Antidepressant Woes

When I saw my OBGYN two weeks ago he gave me two weeks worth of samples of the pills he recommended I take pris.tiq, and said to take them before I made up my mind and filled the prescription he wrote out. That’s what I did, and despite the fact that I am still battling somewhat debilitating fatigue, I felt that the benefits outweighed the downsides and dropped the Rx off to get filled. I got an automated call from the pharmacy saying that there was a “problem” with my insurance that they were trying to resolve.

At first I didn’t think anything of this, but after about an hour I called them to find out what the deal was. Simply, my insurance doesn’t cover this drug and it’s $342 for 30 pills. Umm. No. They had sent a preauthorization over to my OBGYN and said after he fills it out it’s up to the insurance company to decide if they’ll cover any of the med, but it could take a while for them to decide and let us know.

At this point it’s 3:00 pm and I have no more pills. I take them before bed, so I needed to figure out a way to get a pill in my mouth before I went to sleep. I tried calling my OBGYN’s office but the receptionist refused to help me. I needed someone to check the cabinet where the samples were to see if there were any more I could snag because the pharmacist said in a serious voice that it would not be a good idea for me to go cold turkey without these after having been on them for a few weeks. But the receptionist wouldn’t check and she also wouldn’t go talk to the nurse. I knew that she herself could not actually touch the meds, I just needed to know if they were even there. My husband was right over by their office right at this time because the college he goes to is over there so I just needed to know if I could send him over to grab some before he went to work. But anyway, she was pretty adamant about not helping me. So I looked up the drug makers website and they did have a copay assistance program you could participate in.

I signed up and called the pharmacy to see how much it would help and they said I would have to come down with the email, that they couldn’t check over the phone. Okay. Fine. I loaded Charlie and I up and waited in line behind everyone getting off work, only to find out that the card was only going to take $100 off, so the drugs would still be $240 a month. Not something I can do, not at all. The pharmacy tech helping me seemed really sympathetic to my problem and started checking how much it would cost to sell me just one or two pills to get me covered until I could get ahold of the nurse at the OBGYN.

$17.00 for ONE. FUCKING. PILL. At this point, I don’t know who to be more frustrated with-the drug maker, the insurance company, the receptionist….I was frustrated with all of them. And starting to get a little panicked. I asked him to go ahead and fill the Rx for the one pill just to tide me over and as I was leaving I left a panicked voicemail for my nurse telling her what was going on.

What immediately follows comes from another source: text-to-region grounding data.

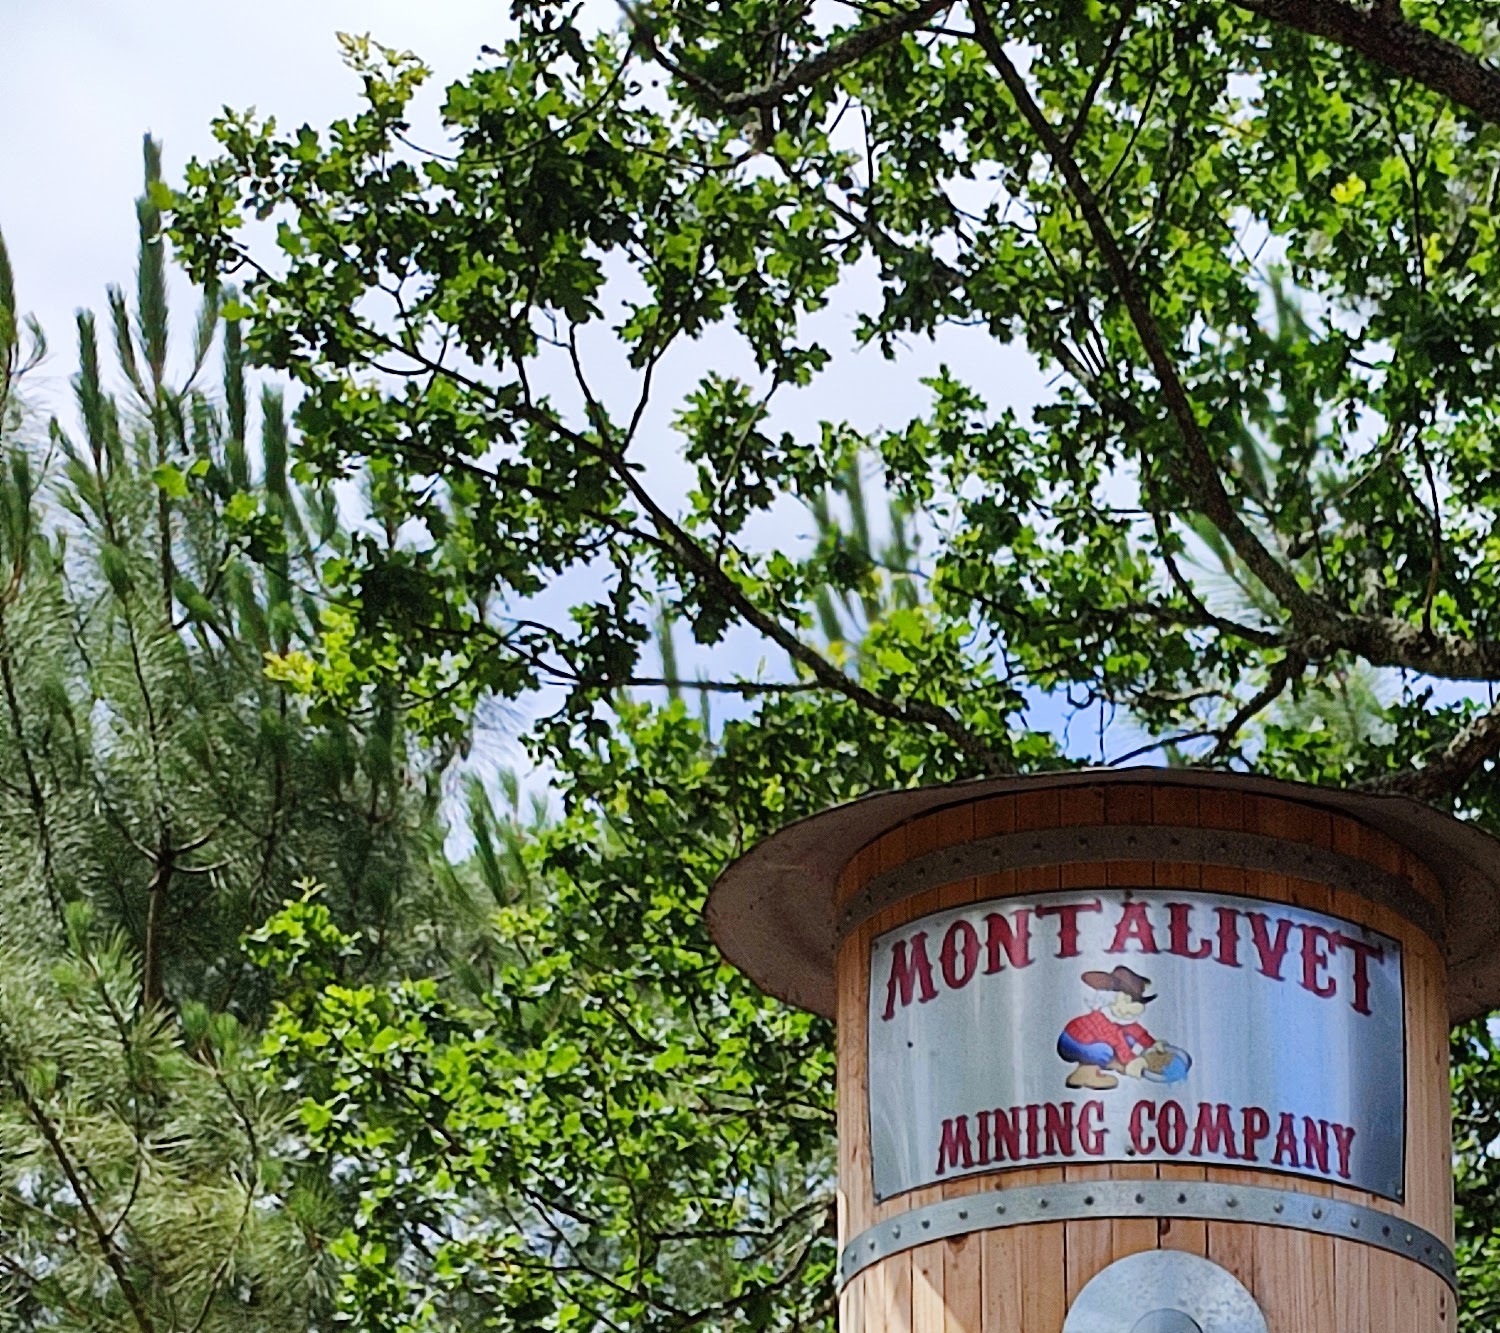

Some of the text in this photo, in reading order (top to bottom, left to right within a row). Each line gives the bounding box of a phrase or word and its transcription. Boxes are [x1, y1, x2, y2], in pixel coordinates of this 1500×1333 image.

[882, 900, 1385, 1021] MONTALIVET
[935, 1100, 1358, 1180] MINING COMPANY
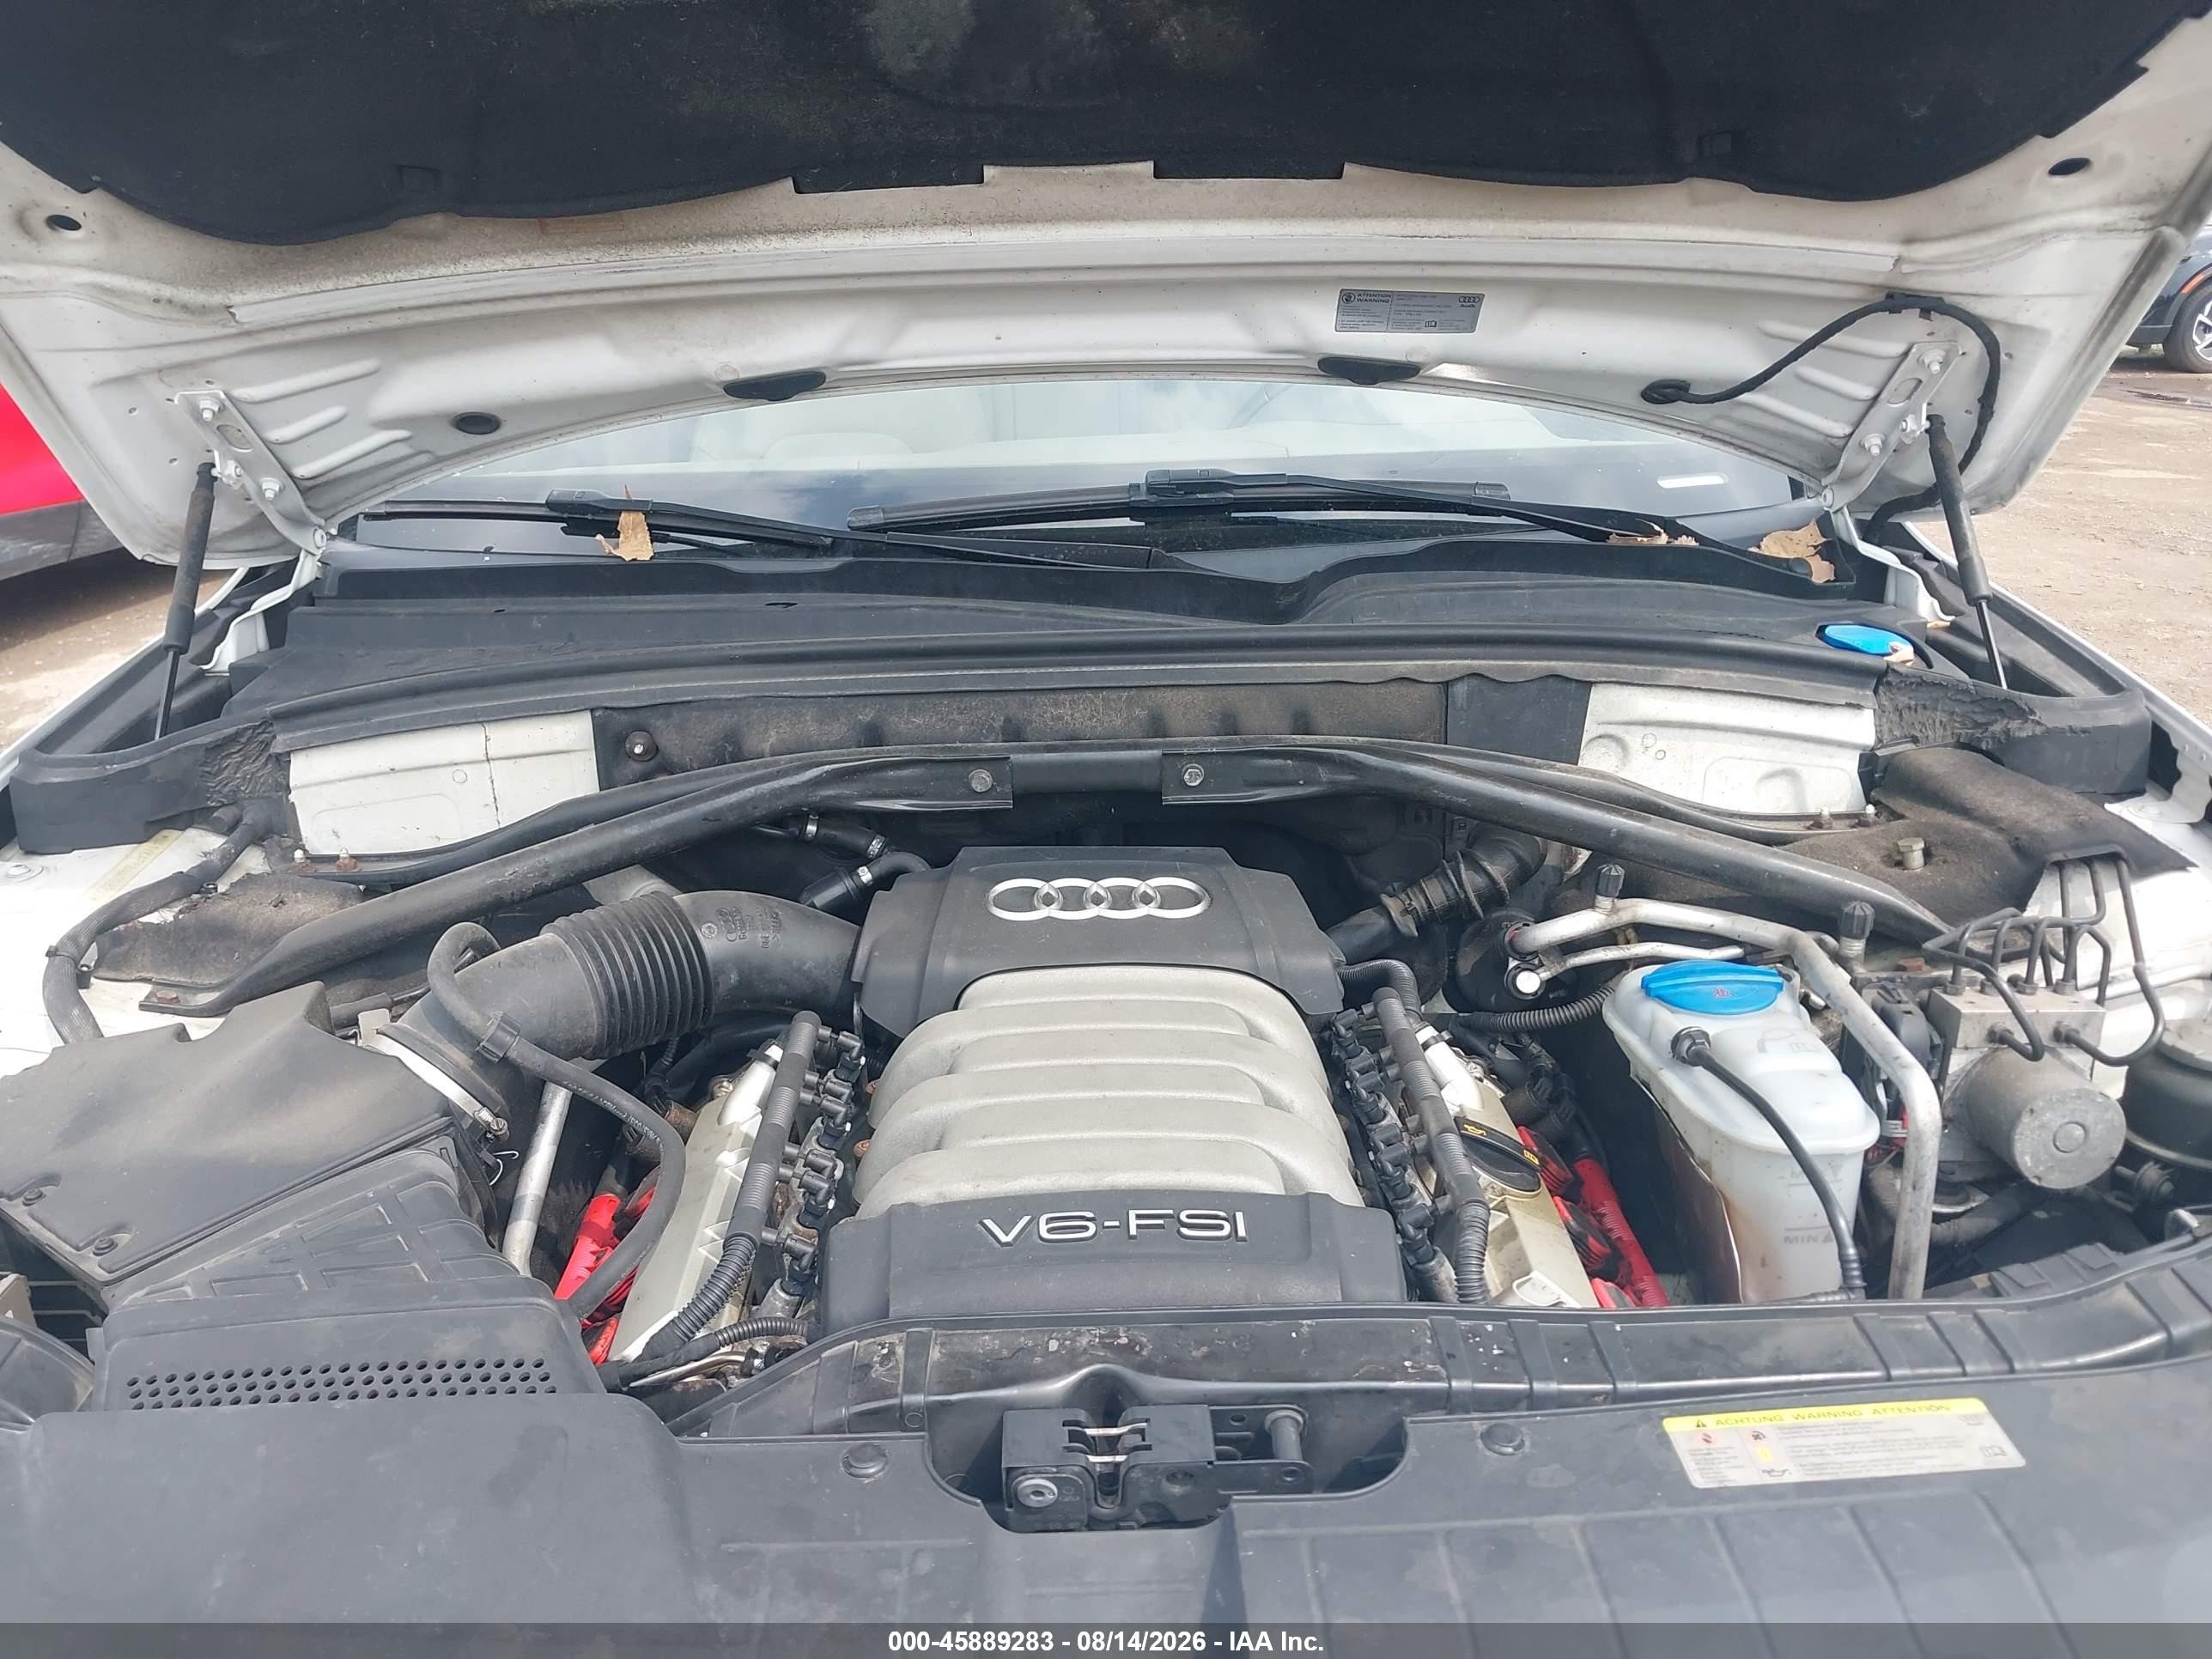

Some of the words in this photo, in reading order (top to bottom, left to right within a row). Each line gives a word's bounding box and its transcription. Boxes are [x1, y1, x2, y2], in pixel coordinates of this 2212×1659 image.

[979, 1208, 1250, 1248] V6-FSI
[1784, 1235, 1818, 1244] MIN
[1714, 1414, 1784, 1426] ACHTUNG
[1792, 1408, 1863, 1421] WARNING
[1872, 1404, 1951, 1416] ATTENTION
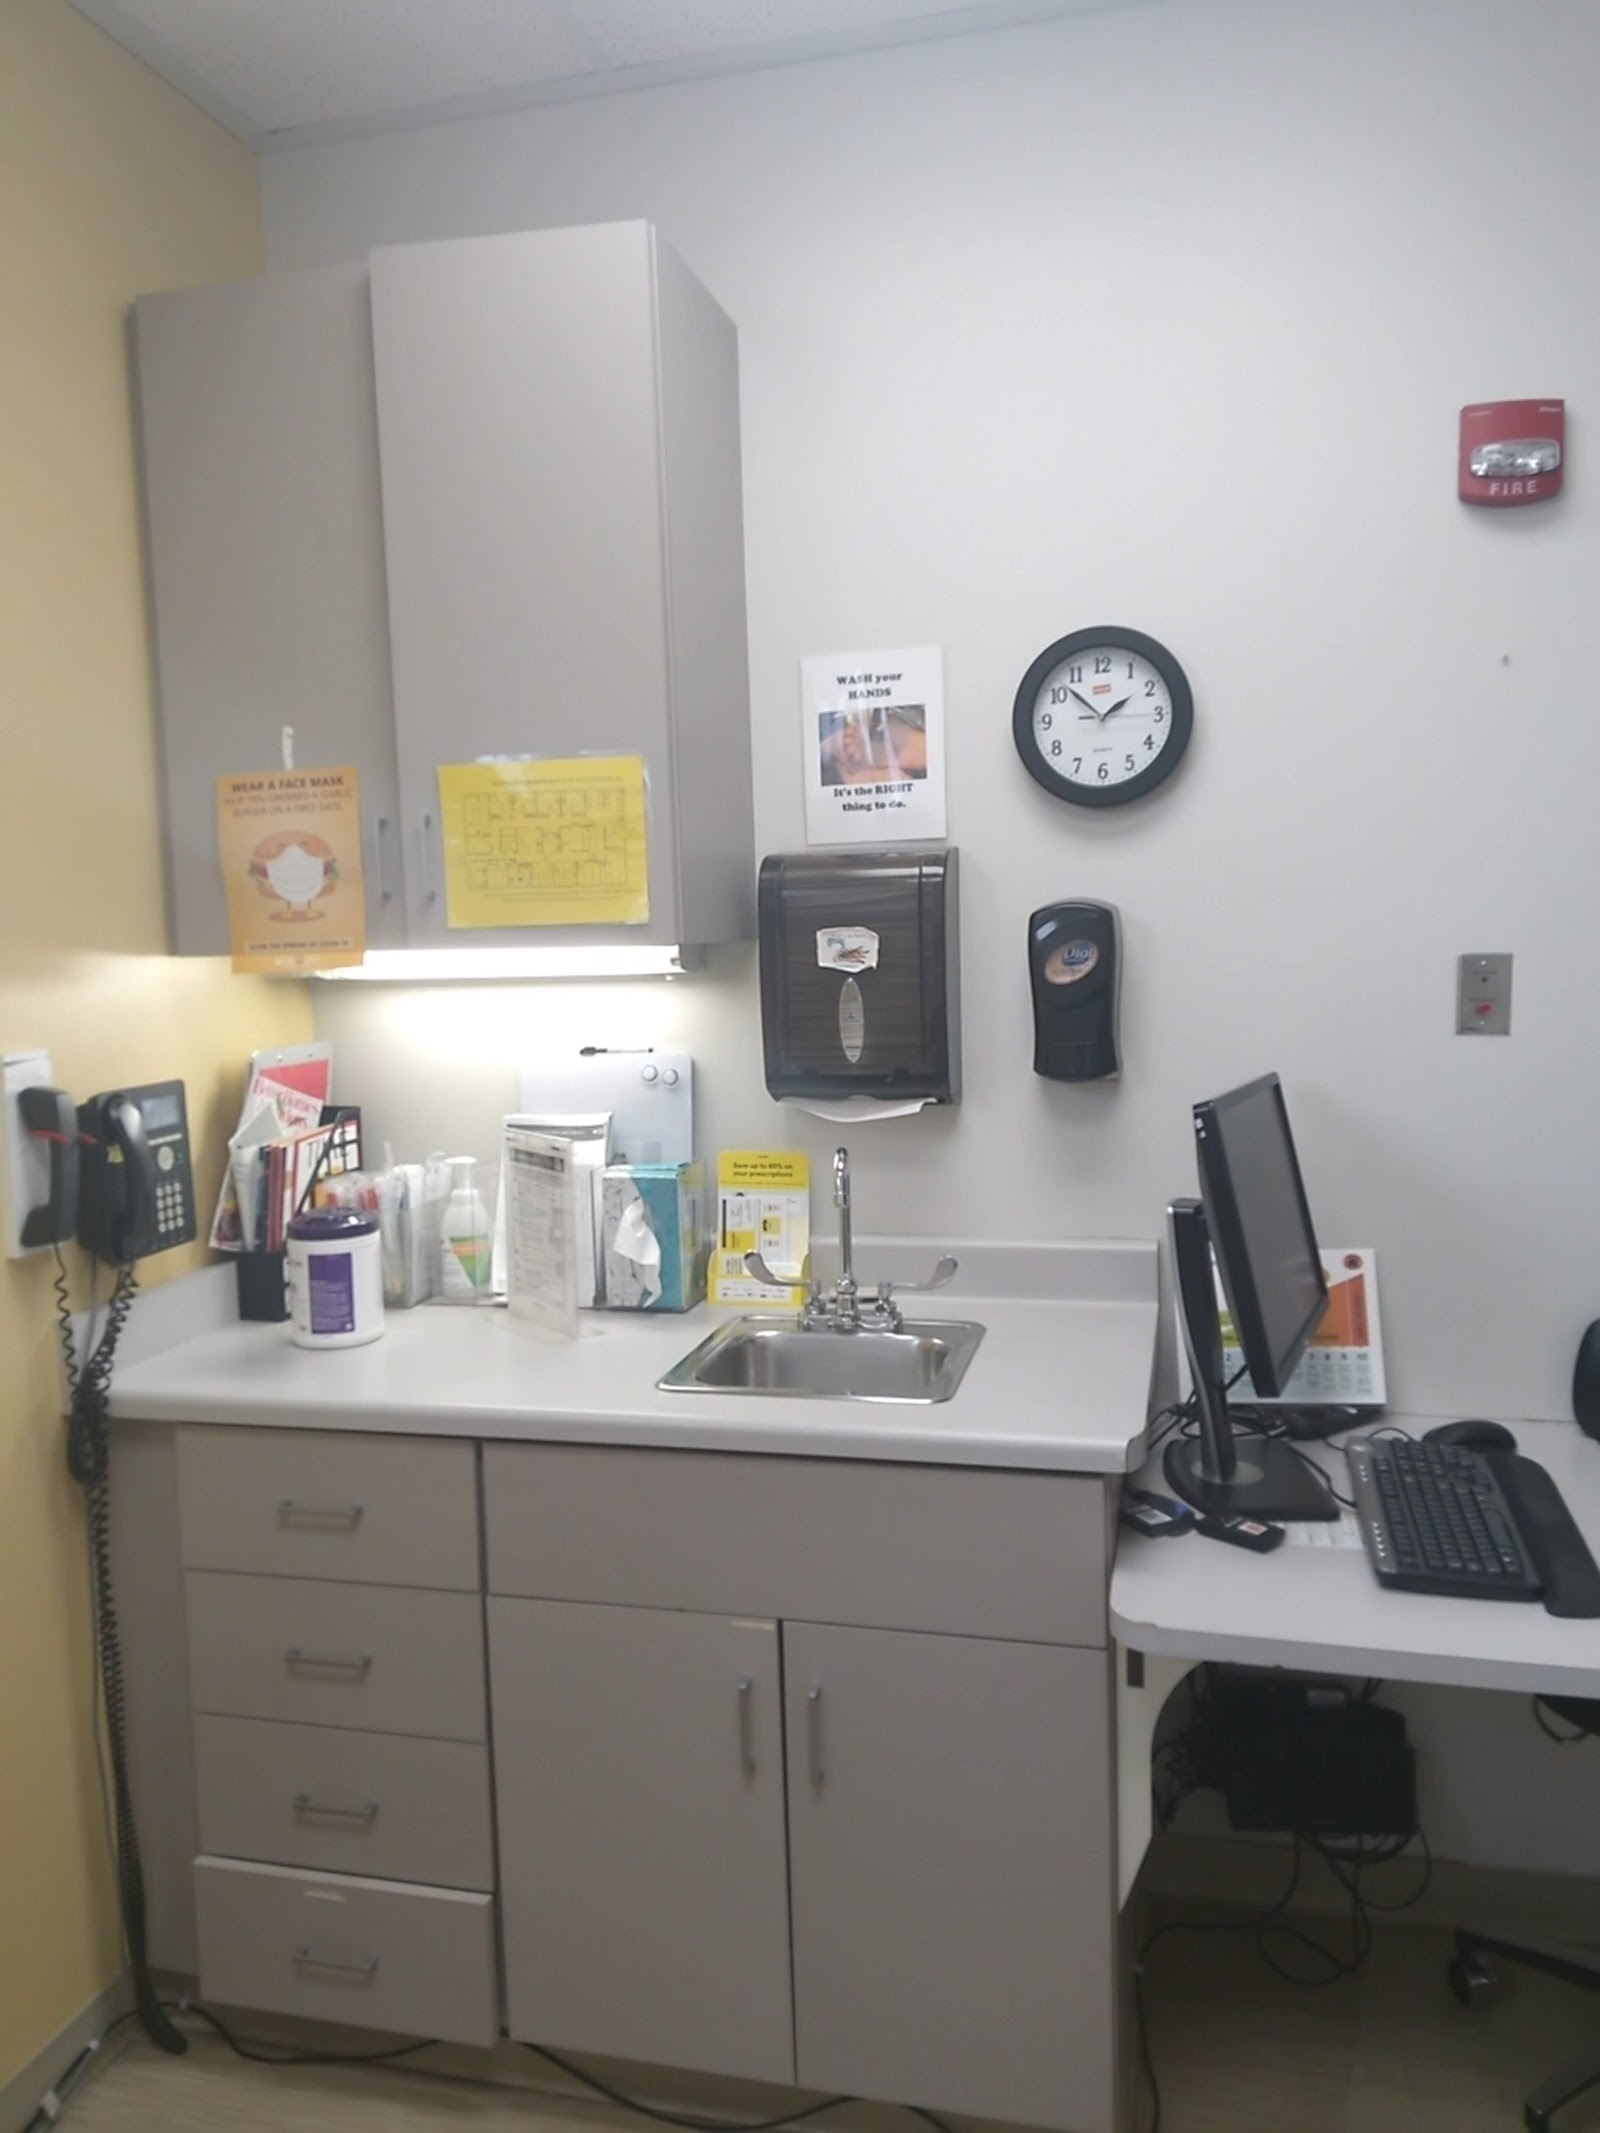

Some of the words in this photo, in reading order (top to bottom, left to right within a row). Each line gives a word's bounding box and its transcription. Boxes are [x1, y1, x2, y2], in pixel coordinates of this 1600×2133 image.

[1489, 479, 1537, 495] FIRE
[1094, 656, 1112, 674] 12
[1127, 662, 1134, 679] 1
[836, 674, 873, 685] WASH
[875, 673, 902, 684] your
[1069, 666, 1083, 683] 11
[848, 687, 892, 700] HANDS
[1051, 686, 1068, 705] 10
[1144, 680, 1155, 697] 2
[1041, 713, 1053, 731] 9
[1153, 705, 1164, 723] 3
[1051, 739, 1063, 756] 8
[1143, 734, 1155, 750] 4
[1073, 757, 1083, 774] 7
[1097, 762, 1109, 779] 6
[1125, 754, 1135, 771] 5
[231, 781, 264, 793] WEAR
[267, 780, 277, 790] A
[279, 778, 307, 790] FACE
[310, 775, 345, 787] MASK
[833, 787, 852, 798] It's
[854, 787, 873, 796] the
[874, 783, 914, 794] RIGHT
[842, 802, 873, 812] thing
[874, 801, 886, 809] to
[1063, 946, 1093, 960] Dial

She called me back a few hours later to say that they had two weeks worth of samples they could give me and hopefully that would be enough to figure out the PA situation. That’s all they have left or she said they would give me more-they gave me almost all of my diclegis when I was pregnant because it was so expensive. They’re so kind (other than the receptionist). She did say the PA could take a while to go through, but if we couldn’t get it worked out there was a generic drug that was fairly comparable to the pris.tiq, that she herself had taken it when HER insurance wouldn’t cover pris.tiq (seriously does ANY insurance pay for it?) and she felt like it would be okay for me.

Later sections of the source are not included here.